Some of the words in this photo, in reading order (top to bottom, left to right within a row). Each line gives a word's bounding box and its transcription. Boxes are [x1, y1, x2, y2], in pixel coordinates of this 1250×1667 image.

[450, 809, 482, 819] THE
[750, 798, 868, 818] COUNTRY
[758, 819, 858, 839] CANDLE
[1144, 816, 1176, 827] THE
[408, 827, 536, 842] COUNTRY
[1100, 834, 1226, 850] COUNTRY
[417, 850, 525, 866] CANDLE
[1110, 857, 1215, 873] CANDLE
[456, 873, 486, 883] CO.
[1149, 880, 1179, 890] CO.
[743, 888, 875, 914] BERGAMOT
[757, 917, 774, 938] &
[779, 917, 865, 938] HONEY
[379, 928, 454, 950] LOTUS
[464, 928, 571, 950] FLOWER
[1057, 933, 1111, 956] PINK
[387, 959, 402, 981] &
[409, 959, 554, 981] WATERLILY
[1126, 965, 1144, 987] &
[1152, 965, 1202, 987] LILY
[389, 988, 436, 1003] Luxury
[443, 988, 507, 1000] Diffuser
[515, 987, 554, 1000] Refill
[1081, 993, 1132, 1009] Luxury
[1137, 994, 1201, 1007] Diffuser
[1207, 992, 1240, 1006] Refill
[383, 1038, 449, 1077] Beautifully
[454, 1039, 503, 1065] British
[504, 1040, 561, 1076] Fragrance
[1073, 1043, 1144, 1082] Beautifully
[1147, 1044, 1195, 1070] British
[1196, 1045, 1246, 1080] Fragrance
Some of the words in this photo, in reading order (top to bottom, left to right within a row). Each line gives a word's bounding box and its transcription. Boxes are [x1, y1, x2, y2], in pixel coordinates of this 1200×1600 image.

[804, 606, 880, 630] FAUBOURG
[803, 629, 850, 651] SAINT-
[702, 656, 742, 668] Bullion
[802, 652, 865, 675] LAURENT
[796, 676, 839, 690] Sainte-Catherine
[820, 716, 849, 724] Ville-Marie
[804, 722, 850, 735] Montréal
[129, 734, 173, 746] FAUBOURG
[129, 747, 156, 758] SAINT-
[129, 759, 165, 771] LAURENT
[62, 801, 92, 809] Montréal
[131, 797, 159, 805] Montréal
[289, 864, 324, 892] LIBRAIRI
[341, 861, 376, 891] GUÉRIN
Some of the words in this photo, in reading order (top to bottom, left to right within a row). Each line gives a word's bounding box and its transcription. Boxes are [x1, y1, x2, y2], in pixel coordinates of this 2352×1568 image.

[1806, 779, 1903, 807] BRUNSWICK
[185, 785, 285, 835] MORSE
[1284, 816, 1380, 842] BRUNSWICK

------

REQUIREMENT – Could you output the records in full, exactly as written?

TASK OUTPUT –
Some of the words in this photo, in reading order (top to bottom, left to right within a row). Each line gives a word's bounding box and its transcription. Boxes are [x1, y1, x2, y2], in pixel coordinates of this 1250×1667 image.

[450, 809, 482, 819] THE
[750, 798, 868, 818] COUNTRY
[758, 819, 858, 839] CANDLE
[1144, 816, 1176, 827] THE
[408, 827, 536, 842] COUNTRY
[1100, 834, 1226, 850] COUNTRY
[417, 850, 525, 866] CANDLE
[1110, 857, 1215, 873] CANDLE
[456, 873, 486, 883] CO.
[1149, 880, 1179, 890] CO.
[743, 888, 875, 914] BERGAMOT
[757, 917, 774, 938] &
[779, 917, 865, 938] HONEY
[379, 928, 454, 950] LOTUS
[464, 928, 571, 950] FLOWER
[1057, 933, 1111, 956] PINK
[387, 959, 402, 981] &
[409, 959, 554, 981] WATERLILY
[1126, 965, 1144, 987] &
[1152, 965, 1202, 987] LILY
[389, 988, 436, 1003] Luxury
[443, 988, 507, 1000] Diffuser
[515, 987, 554, 1000] Refill
[1081, 993, 1132, 1009] Luxury
[1137, 994, 1201, 1007] Diffuser
[1207, 992, 1240, 1006] Refill
[383, 1038, 449, 1077] Beautifully
[454, 1039, 503, 1065] British
[504, 1040, 561, 1076] Fragrance
[1073, 1043, 1144, 1082] Beautifully
[1147, 1044, 1195, 1070] British
[1196, 1045, 1246, 1080] Fragrance
Some of the words in this photo, in reading order (top to bottom, left to right within a row). Each line gives a word's bounding box and its transcription. Boxes are [x1, y1, x2, y2], in pixel coordinates of this 1200×1600 image.

[804, 606, 880, 630] FAUBOURG
[803, 629, 850, 651] SAINT-
[702, 656, 742, 668] Bullion
[802, 652, 865, 675] LAURENT
[796, 676, 839, 690] Sainte-Catherine
[820, 716, 849, 724] Ville-Marie
[804, 722, 850, 735] Montréal
[129, 734, 173, 746] FAUBOURG
[129, 747, 156, 758] SAINT-
[129, 759, 165, 771] LAURENT
[62, 801, 92, 809] Montréal
[131, 797, 159, 805] Montréal
[289, 864, 324, 892] LIBRAIRI
[341, 861, 376, 891] GUÉRIN
Some of the words in this photo, in reading order (top to bottom, left to right within a row). Each line gives a word's bounding box and its transcription. Boxes are [x1, y1, x2, y2], in pixel coordinates of this 2352×1568 image.

[1806, 779, 1903, 807] BRUNSWICK
[185, 785, 285, 835] MORSE
[1284, 816, 1380, 842] BRUNSWICK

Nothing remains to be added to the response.